Manage edge video with EdgeLake: local AI inference and cross-camera tracking

TSC walkthrough. Manage video streams on EdgeLake with local AI inference, follow similar results across multiple cameras, and configure models without sending video to the cloud.

For customers asking how to manage video at the edge without centralizing it, the AnyLog team built a TSC demo of EdgeLake handling live video streams from two cameras pushed into a single edge node. The node runs EdgeLake alongside a standard MongoDB container for object storage and a SQL database for the structured inference data.

The architecture is straightforward. When video lands on the edge node, EdgeLake hands each frame to a YOLO model running locally. (The team published a GitHub repo with a Docker GPU container so anyone can clone and run the same setup.) Inference results are written to the SQL database. The raw video file is written to the MongoDB object store. That split is what makes the data discoverable later: queries hit the metadata-rich SQL side and surface the matching video clips, instead of relying on object-storage prefix scans.

For scale, the demo pattern dedicates a separate AI node with a GPU sitting next to the EdgeLake operators. Cameras stream to the edge nodes, the edge nodes forward frames to the AI node, and inference comes back over the same hop. More cameras, more EdgeLake nodes, more AI nodes. The topology stays flat and SQL-addressable.

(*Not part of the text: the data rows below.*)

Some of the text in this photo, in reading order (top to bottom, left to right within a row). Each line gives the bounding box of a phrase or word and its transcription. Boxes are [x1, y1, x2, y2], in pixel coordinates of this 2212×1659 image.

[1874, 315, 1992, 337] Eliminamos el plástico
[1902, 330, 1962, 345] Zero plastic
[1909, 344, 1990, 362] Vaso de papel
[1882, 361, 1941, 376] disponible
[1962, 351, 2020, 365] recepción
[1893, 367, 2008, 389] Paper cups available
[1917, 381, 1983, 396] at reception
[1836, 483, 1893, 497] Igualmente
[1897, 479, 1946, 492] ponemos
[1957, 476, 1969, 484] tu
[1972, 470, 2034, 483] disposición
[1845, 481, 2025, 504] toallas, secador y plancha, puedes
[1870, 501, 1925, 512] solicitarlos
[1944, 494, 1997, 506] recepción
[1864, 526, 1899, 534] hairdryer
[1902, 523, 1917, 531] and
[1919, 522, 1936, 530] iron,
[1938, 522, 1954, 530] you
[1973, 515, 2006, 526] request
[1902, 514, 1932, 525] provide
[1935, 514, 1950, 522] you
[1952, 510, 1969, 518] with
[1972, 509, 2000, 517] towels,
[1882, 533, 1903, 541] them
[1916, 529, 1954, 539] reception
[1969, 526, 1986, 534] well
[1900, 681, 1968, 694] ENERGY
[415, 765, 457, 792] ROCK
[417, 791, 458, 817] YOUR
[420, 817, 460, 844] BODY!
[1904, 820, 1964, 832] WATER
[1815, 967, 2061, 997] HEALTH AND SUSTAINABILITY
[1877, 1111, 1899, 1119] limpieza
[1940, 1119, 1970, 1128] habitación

The same setup also handles multi-tenant data ownership. In the chemical-plant scenario discussed during Q&A, each company owns the nodes inside its production lines and decides what data is shared and what stays private. Infrastructure-level telemetry like shared electrical distribution can be exposed across companies; per-product production data stays scoped. All of it is queried over the same SQL interface, with per-view permissions per node.